5 Red Flags and Blind Spots In Dating A Narcissist

People are easily charmed by a narcissist, especially codependents. Narcissists can be beguiling and charismatic. In fact, one study showed that their likable veneer was only penetrable after seven meetings. I’ve had a number of clients who claimed that the courtship with their narcissistic spouse was wonderful and that abuse only began following the wedding. However, with greater insight, these clients admitted that there were signs that they’d overlooked.

 

Blind Spots when Dating a Narcissist

There are unconscious explanations why you might not spot a narcissist.
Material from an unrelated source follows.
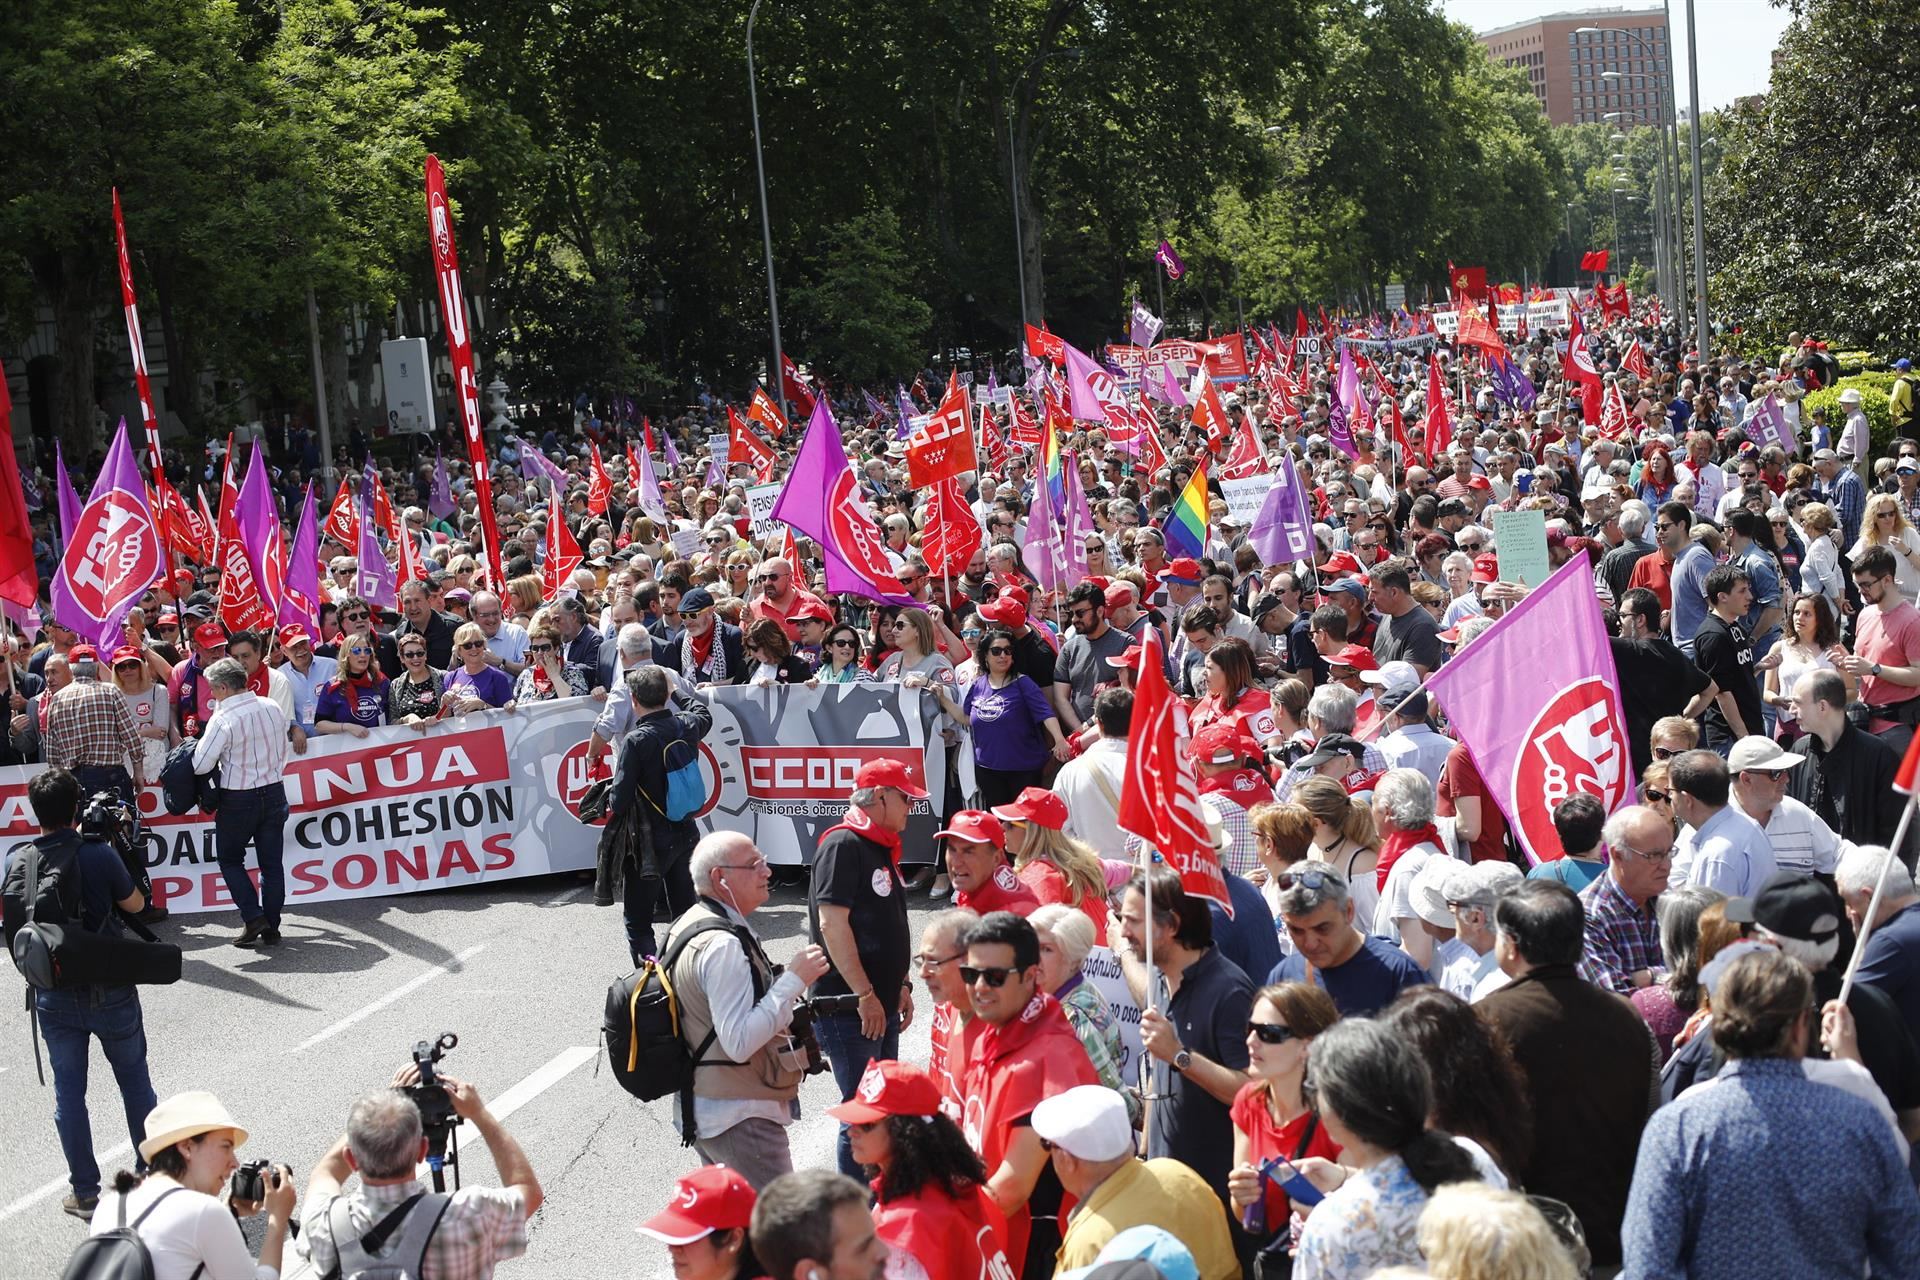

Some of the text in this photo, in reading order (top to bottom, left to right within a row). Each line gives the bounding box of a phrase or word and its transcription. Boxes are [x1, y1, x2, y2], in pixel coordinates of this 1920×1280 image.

Here are some reasons why you might not recognize a narcissist:

 

1) Sexual attraction.

The greater the physical attraction and sexual intensity, the easier it is to ignore red flags. Individuals who can see auras maintain that sexual energy literally obfuscates mental and emotional energy―why lust is blind.

 

2) Seduction.

Narcissists are skilled manipulators. Some can be quite seductive, and not just sexually. They may be adept listeners and communicators or allure you with, flattery, self-disclosure, and vulnerability―just the opposite of what you might expect from a narcissist.

 

3) Idealization.

Often narcissists are very accomplished, successful, good-looking, powerful, and/or multi-talented. It’s easy to idealize them and want to share in the benefits of their exceptionalism, especially if you feel inferior. People with low self-esteem, such as codependents, are more likely to idealize someone they admire. They may be drawn to typical narcissistic traits that they themselves lack, such as power and boldness. The downside is that idealization makes us ignore contrary information.

 

4) Familiarity.

If you had a narcissistic parent, being with a narcissist will feel familiar―like family. This attraction happens beneath consciousness and is often referred to as “chemistry.” With personal therapy, this attraction can change so that you easily spot someone who is abusive or self-centered. You might even be repelled instead of attracted to a narcissist.

 

5) Codependency.

If you have low self-esteem or are codependent, you may be unaware of your feelings, which can guide you. You may not feel entitled to respect and having your needs and wants met. Most codependents tend to accommodate and people-please other people―a perfect fit for a narcissist. This predisposition is stronger in early dating when you’re trying to make a good impression. Thus, you might overlook or rationalize feelings of discomfort and anxiety that signal trouble. If something does bother you, you won’t speak up about it and try to forget it.

 

Red Flags when Dating a Narcissist

Below are some red flags to look out for. Having a few traits doesn’t mean that someone is diagnosable with NPD―a narcissistic personality disorder―but they do not bode well for a fulfilling relationship. One study found that when narcissists knew the symptoms of NPD, they readily admitted being a narcissist when asked. So you can ask, too, provided they know the traits. Need for admiration, lack of empathy, and grandiosity are key. Look for signs of arrogance and entitlement, too.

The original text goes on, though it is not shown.